The 28 Moon bears were in a pitiful condition when they were brought to a rescue centre in Chengdu, Sichuan Province.
Workers from the Animals Asia Foundation (AAF) tragically found one male bear dead when it arrived, its body still warm.
Another had to be put down and another died of its injuries within hours of arrival.
AAF founder and CEO, Jill Robinson who has worked for 10 years in Asia rescuing bears and trying to put an end to the farms, said she was shocked by the condition of the animals.
"All were in impossibly small cages, all skeletal, wounded in various ways, and terrified of what would happen in this next stage of their lives," she said.
"Some are blind, some have shattered teeth and grotesquely ulcerated gums, some have shocking necrotic wounds - their flesh literally rotting down to the bones - and all out of their minds with fear.
"Most had open wounds in their abdomens from the free-drip method of bile-extraction, with some leaking bile, blood and pus."
The latest rescue of the bears brings the total rescued by AAF from Chinese bile farms to 248.
Jill Robinson launched AAF after visiting a farm and describing it as "hellish" and "a torture chamber for animals".
In July 2000, AAF signed a landmark agreement with the Sichuan authorities to rescue 500 bears in the province, and to work towards the elimination of bear farming in China and to promote the herbal alternatives to bear bile.

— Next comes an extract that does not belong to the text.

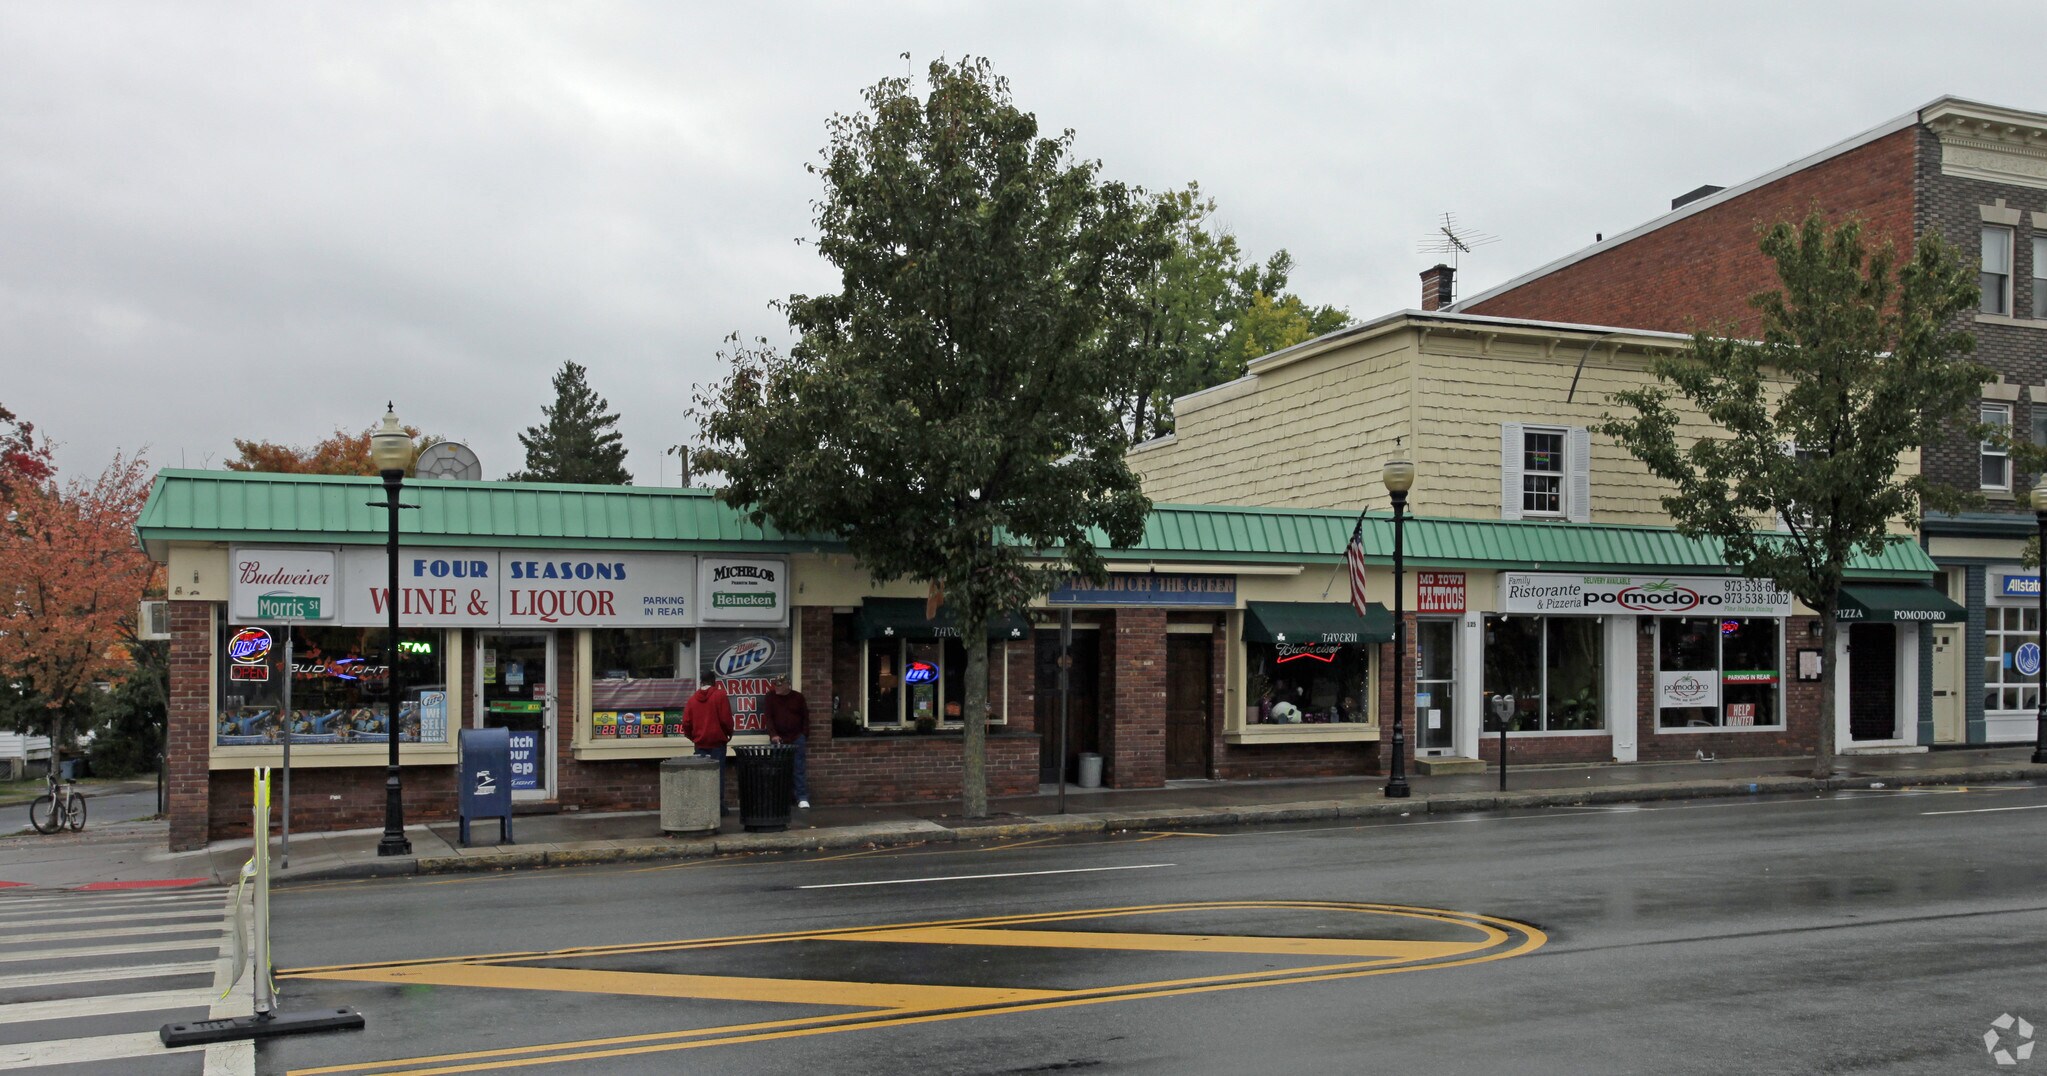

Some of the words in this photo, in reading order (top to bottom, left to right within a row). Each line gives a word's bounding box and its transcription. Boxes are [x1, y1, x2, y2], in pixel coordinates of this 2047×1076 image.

The farmers are given compensation so they can retire or set up new businesses and their licences are taken away permanently.
Bear bile, like rhino horn and tiger parts, is highly prized for use in Chinese traditional medicines. A chinese rural farmer with an income of just over £1 per week can sell a kilo of bear bile for £150.
Although synthetic alternatives to the bile are now widely available the illicit trade continues to flourish condemning bears caught in traps in the wild to unimaginable horrors. Often the animals caught in steel traps lose paws and then injure themselves further because of the appalling and cramped conditions in tiny cages.
Asiatic black bears, known as Moon Bears because of the golden crescents on their chests, can end up spending up to 25 years in coffin-sized cages where they are 'milked' daily for their bile, often through crude and filthy catheters causing the animals intense pain.
The bears are also milked through permanently open holes in their abdomens in what is claimed to be a more humane free-dripping technique. It is the only permitted method of bile extraction in China, but still causes constant pain and the slow death of the bears.
But Jill Robinson said the method was still patently cruel. "This is something that a 10-year-old would understand - a hole gouged into the abdomen and gall bladder of a sentient mammal is neither sanitary nor humane.
"The farmers and those who believe them should be ashamed."
She said the latest batch of tormented and disfigured bears provided further proof that the trade is as brutal as ever. Although the trade in bear products is illegal in China there is a flourishing black market.
The demand for bear bile is greatest in China, Japan and Korea but bear parts, bile powder and bile products are also found in Australia, Taiwan, Indonesia, Malaysia, Singapore, the US and Canada.
The bile is still used in traditional medicine for a range of complaints including fever, liver disease and sore eyes.
Two years ago, the EU launched a campaign to urge the Chinese government to end bear farming by 2008.
It is though there are more than 7,000 bears are still trapped in farms throughout China.
AAF employs 150 local on-site staff at its Chengdu sanctuary which costs about £50,000 per month to run, and where remarkably the bears do learn to recover from their ordeal.